> The task
Quote the listing in full, exactly as given, minus any pictures.
========================================================================
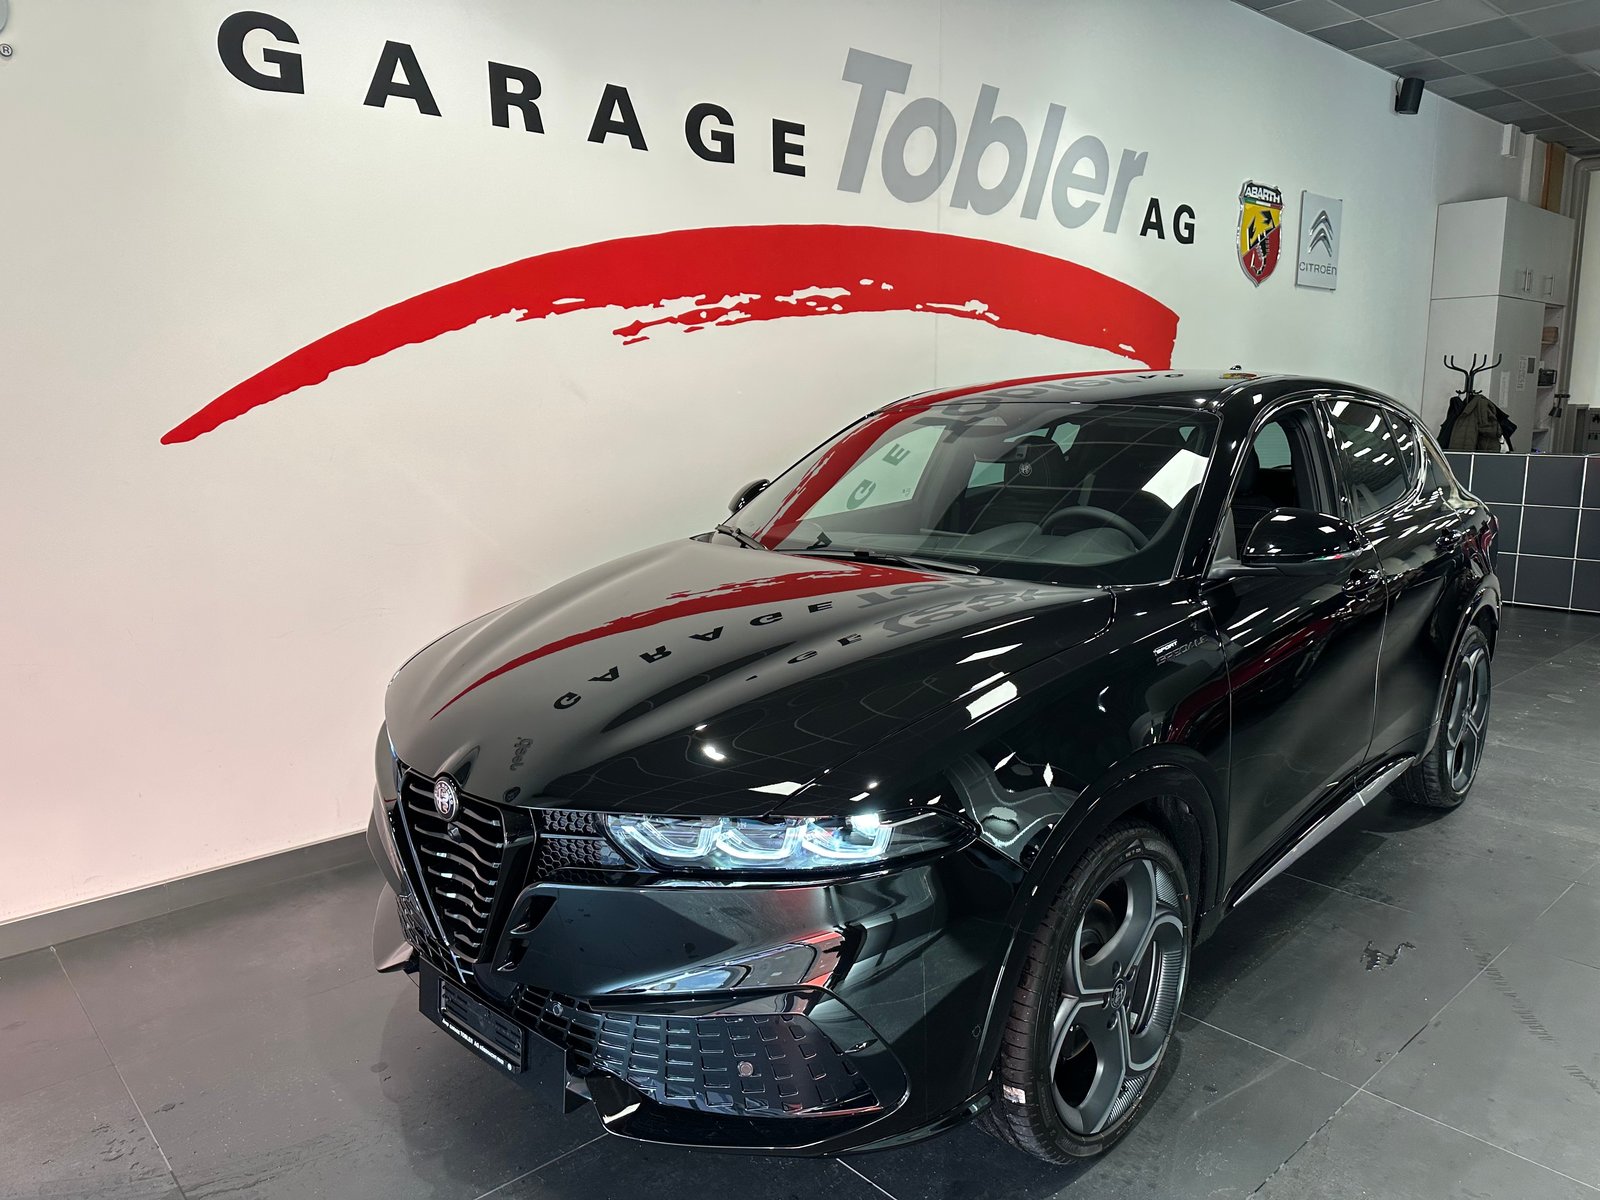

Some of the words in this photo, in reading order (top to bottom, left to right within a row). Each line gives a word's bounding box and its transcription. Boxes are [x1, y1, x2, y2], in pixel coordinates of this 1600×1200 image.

[218, 10, 806, 177] GARAGE
[837, 47, 1148, 234] Tobler
[1140, 197, 1196, 244] AG
[1245, 187, 1281, 204] ABARTH
========================================================================
> Written solution
Some of the words in this photo, in reading order (top to bottom, left to right within a row). Each line gives a word's bounding box and its transcription. Boxes are [x1, y1, x2, y2], in pixel coordinates of this 1600×1200 image.

[218, 10, 806, 177] GARAGE
[837, 47, 1148, 234] Tobler
[1140, 197, 1196, 244] AG
[1245, 187, 1281, 204] ABARTH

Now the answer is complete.